Slastičarnica "Slon"
4, Grivica
CAFESlastičarnica "Slon" is a local cafe located in Zagreb, HR. Check in here with the Pulled Coffee app to earn real cash rewards. Independent cafes count toward all challenges including Pulled 50 through Pulled 300.
About Zagreb
Zagreb has built a distinctive Croatian café culture that combines the Habsburg Kaffeehaus tradition (the city was part of the Austro-Hungarian Empire until 1918) with a Yugoslav-era café culture (the city was part of socialist Yugoslavia until 1991) and a contemporary specialty wave that has emerged primarily since 2015. The result is a layered coffee landscape that operates in multiple registers simultaneously, with the same neighborhoods holding heritage Habsburg-style cafés alongside Yugoslav-era institutions and modern specialty addresses.
The traditional Croatian café tradition runs through the kavana, the Croatian word for coffee house. Kavana Esplanade, opened in 1925 in the Esplanade Hotel, holds the canonical heritage register. Several other preserved heritage establishments operate in the same tradition. The cafés feature high ceilings, marble tables, and a culture of long stays over a single coffee that descends directly from the Vienna Kaffeehaus model.
The Yugoslav-era café tradition is distinct. The kafić, the small neighborhood café-bar that serves coffee, alcohol, and simple food, is fundamentally a social institution that operates throughout the day. The cafés have served the same role for decades and continue to operate across the city. Coffee at a kafić is typically Italian-style espresso, served with a small glass of water and a small chocolate.
The third wave arrived in Zagreb after 2015 and has built rapidly. Eliscaffé in the Old Town was an early specialty café. Express Bar Zagreb, Velvet Café, and a wider network of contemporary cafés have built a serious specialty scene across the central districts. The local specialty wave benefits from connections to the broader Central European specialty network through Vienna, Berlin, and Prague.

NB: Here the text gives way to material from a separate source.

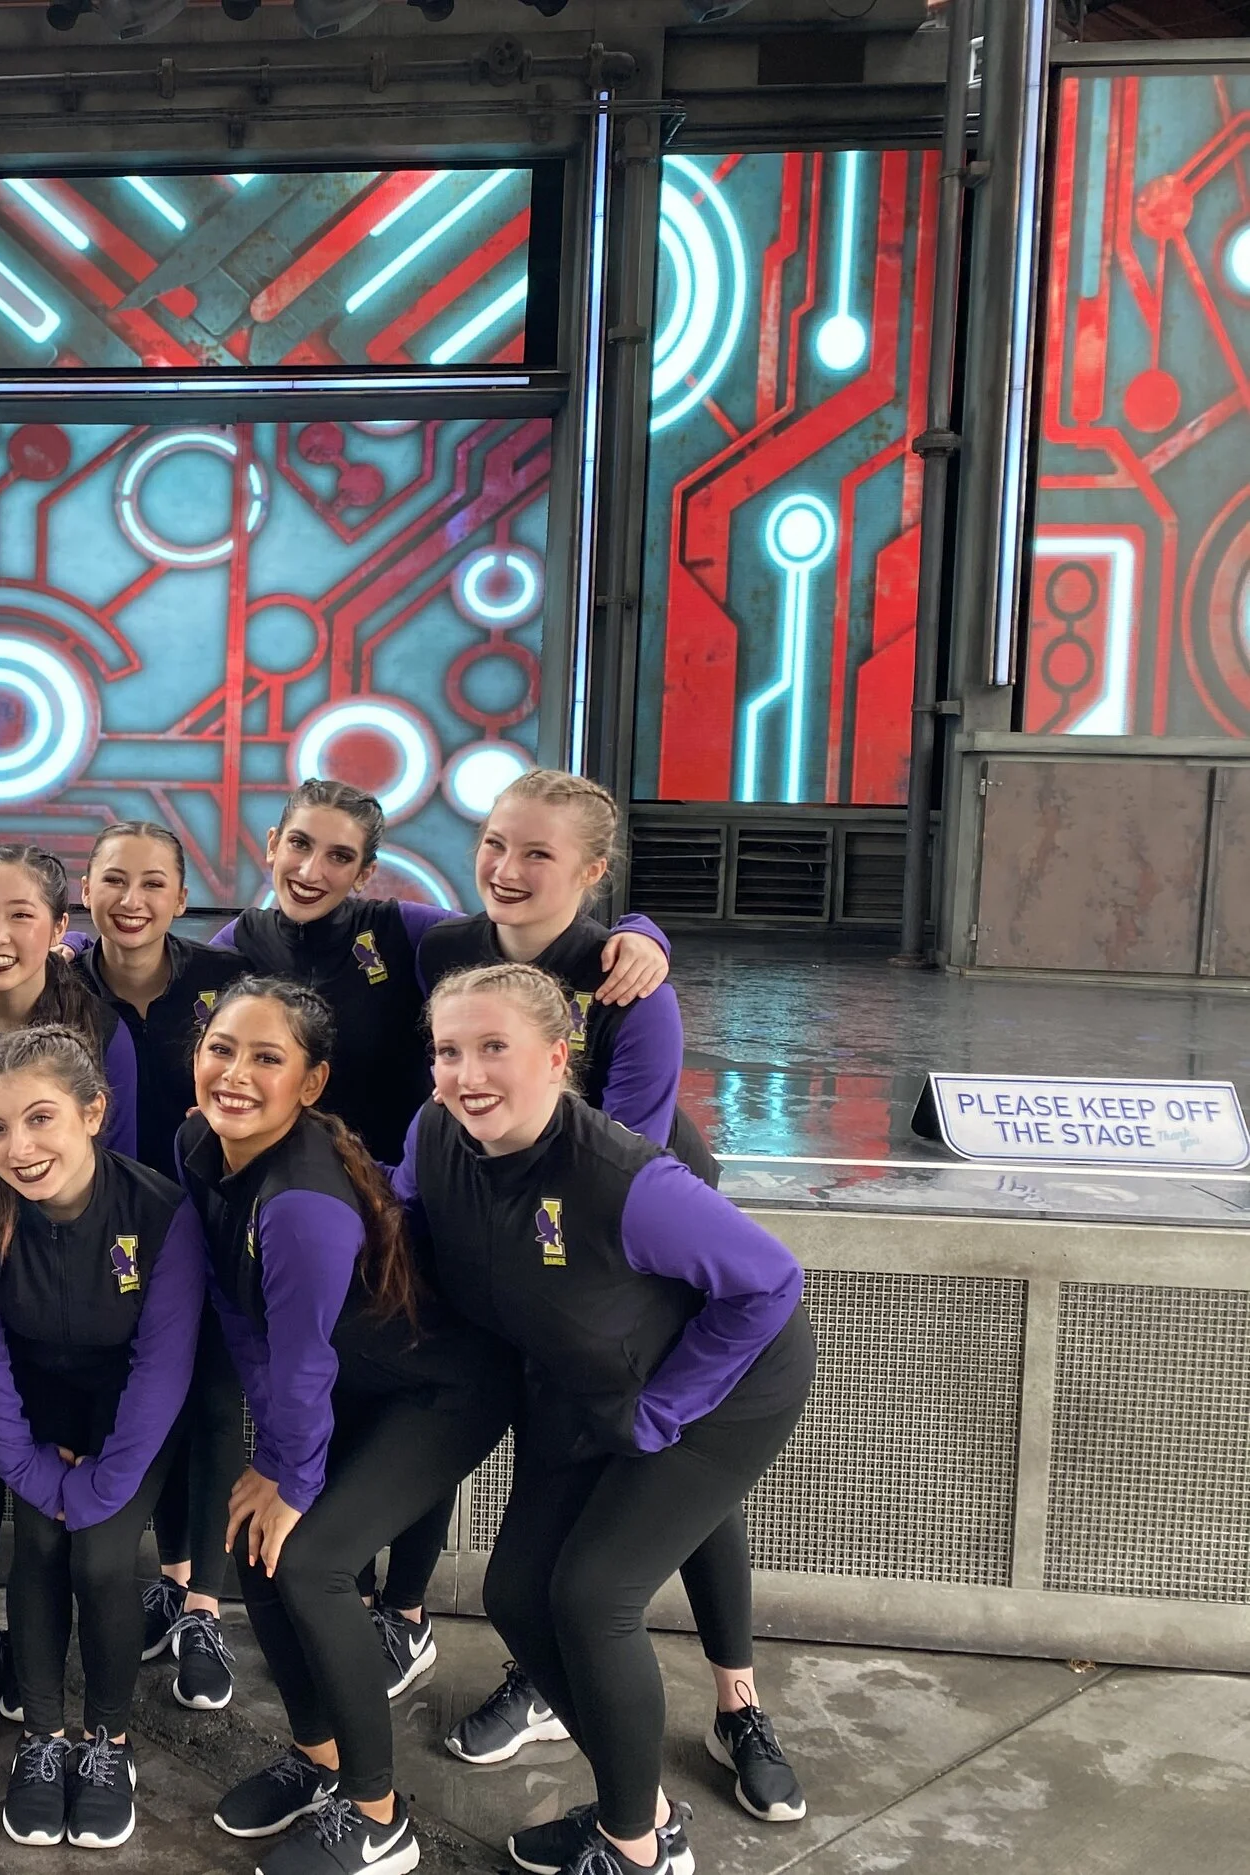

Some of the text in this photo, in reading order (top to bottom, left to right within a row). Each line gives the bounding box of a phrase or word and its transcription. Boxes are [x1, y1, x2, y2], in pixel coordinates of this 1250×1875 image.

[957, 1093, 1221, 1122] PLEASE KEEP OFF
[994, 1121, 1156, 1148] THE STAGE
[543, 1256, 567, 1266] DANCE
[120, 1283, 140, 1294] DANCE

The neighborhoods stratify clearly. The Lower Town (Donji grad), the central commercial district that includes Ban Jelačić Square, holds the densest concentration of cafés in Zagreb. The Upper Town (Gornji grad), the historic center on the hill, holds a quieter mix of heritage cafés and emerging specialty. Trešnjevka and Trnje, the residential districts, hold quieter neighborhood registers. Maksimir, the residential district that holds the city's largest park, has a quieter café culture serving the resident population.
What separates Zagreb from Vienna or Prague is the integration of multiple historical registers. The same Zagreb neighborhood may hold a Habsburg-era kavana, a Yugoslav-era kafić, and a contemporary specialty café within a five-minute walk. The cultural layering is more visible in Zagreb than in cities that experienced more uniform historical development.
Zagreb's contribution to global coffee is harder to identify. The Croatian specialty wave has not yet exported a specific form. What Zagreb has done is preserve a particular kind of multi-generational café culture that has survived empires, ideologies, and economic transitions. The contemporary specialty scene operates alongside the older traditions without disrupting them.
What surprises a visitor is the prices. Zagreb specialty coffee is favorably priced compared to Vienna or Berlin, with most flat whites running roughly two euros after the 2023 currency transition from kuna. The integration with the broader Central European specialty network gives the local scene access to international roasters at favorable prices.